▶ **REQUIRED ACTION**
Copy the listing below in full and skip every picture.

▶ **DATA FOR REVIEW**
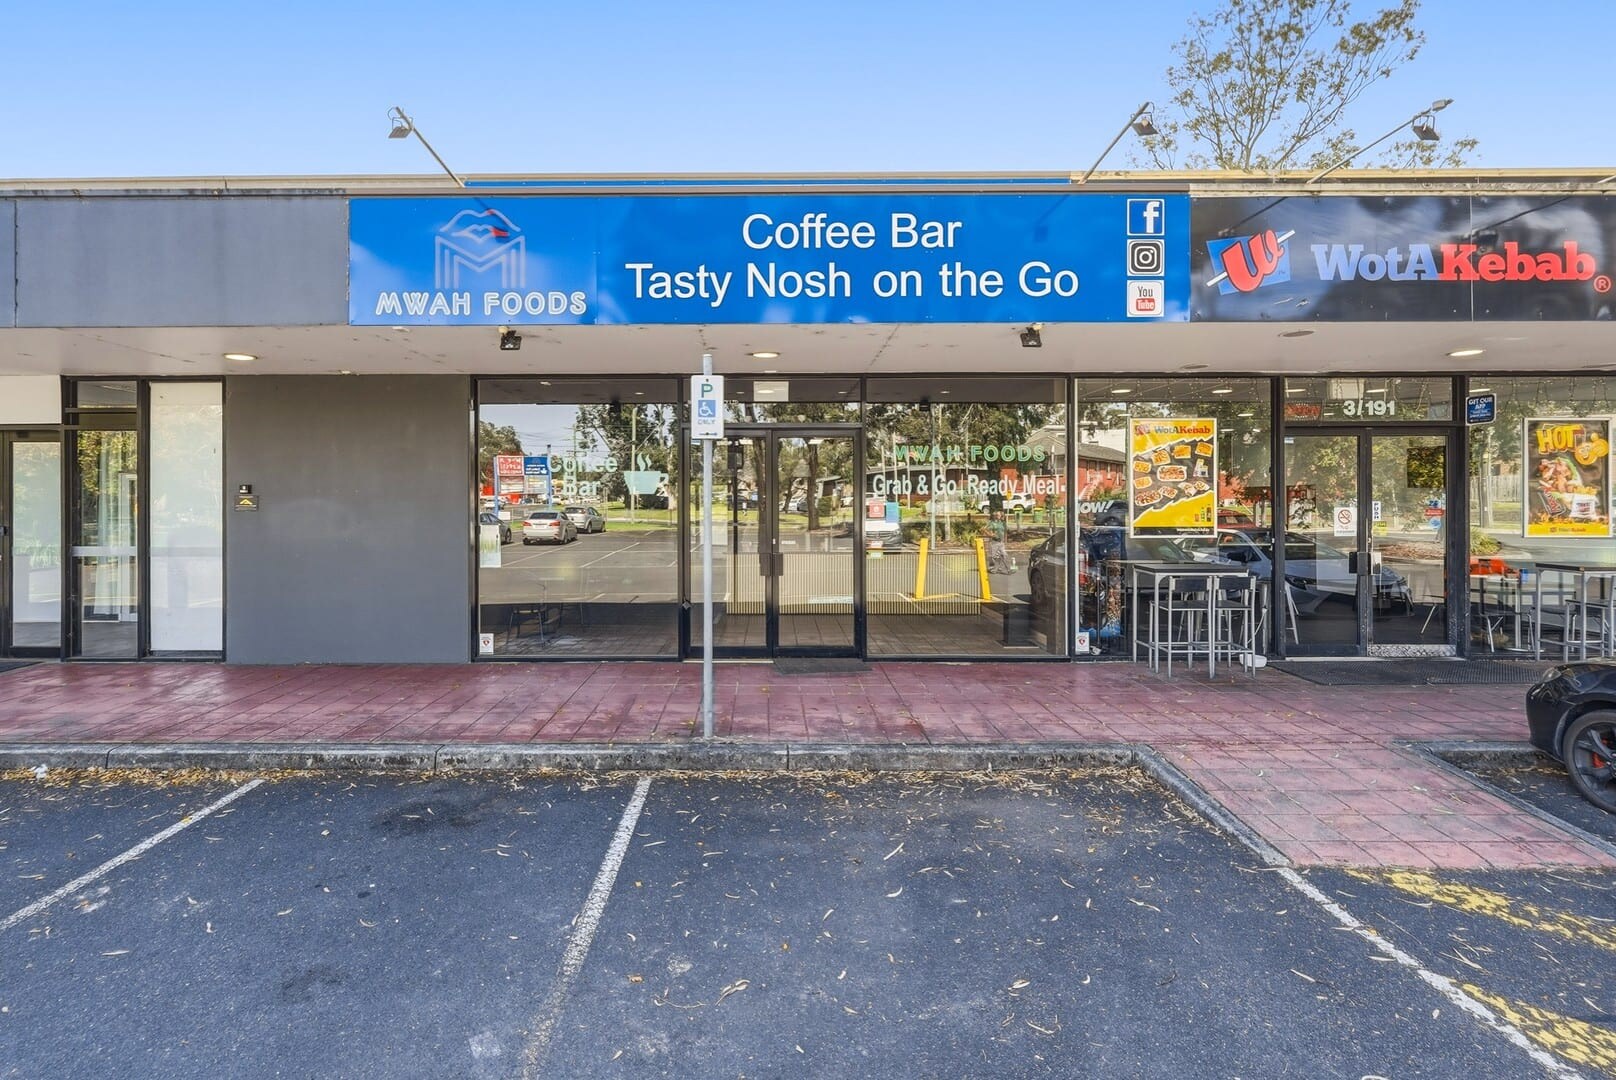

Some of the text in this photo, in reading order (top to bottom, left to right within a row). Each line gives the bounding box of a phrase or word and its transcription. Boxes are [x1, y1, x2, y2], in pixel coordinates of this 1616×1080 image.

[742, 212, 962, 250] Coffee Bar
[1310, 240, 1596, 282] WotAKebab
[625, 261, 1079, 308] Tasty Nosh on the Go
[1137, 286, 1153, 297] You
[375, 291, 587, 315] MWAH FOODS
[1137, 299, 1154, 310] Tube
[701, 383, 713, 398] P
[1343, 400, 1395, 416] 3/191
[1536, 424, 1583, 453] HOT
[894, 445, 1046, 462] MWAH FOODS
[562, 479, 601, 496] Bar
[873, 474, 912, 495] Grab
[916, 474, 929, 495] &
[934, 474, 957, 495] Go
[968, 475, 1018, 500] Ready
[1077, 500, 1114, 514] OW!

▶ **FINISHED EXERCISE**
Some of the text in this photo, in reading order (top to bottom, left to right within a row). Each line gives the bounding box of a phrase or word and its transcription. Boxes are [x1, y1, x2, y2], in pixel coordinates of this 1616×1080 image.

[742, 212, 962, 250] Coffee Bar
[1310, 240, 1596, 282] WotAKebab
[625, 261, 1079, 308] Tasty Nosh on the Go
[1137, 286, 1153, 297] You
[375, 291, 587, 315] MWAH FOODS
[1137, 299, 1154, 310] Tube
[701, 383, 713, 398] P
[1343, 400, 1395, 416] 3/191
[1536, 424, 1583, 453] HOT
[894, 445, 1046, 462] MWAH FOODS
[562, 479, 601, 496] Bar
[873, 474, 912, 495] Grab
[916, 474, 929, 495] &
[934, 474, 957, 495] Go
[968, 475, 1018, 500] Ready
[1077, 500, 1114, 514] OW!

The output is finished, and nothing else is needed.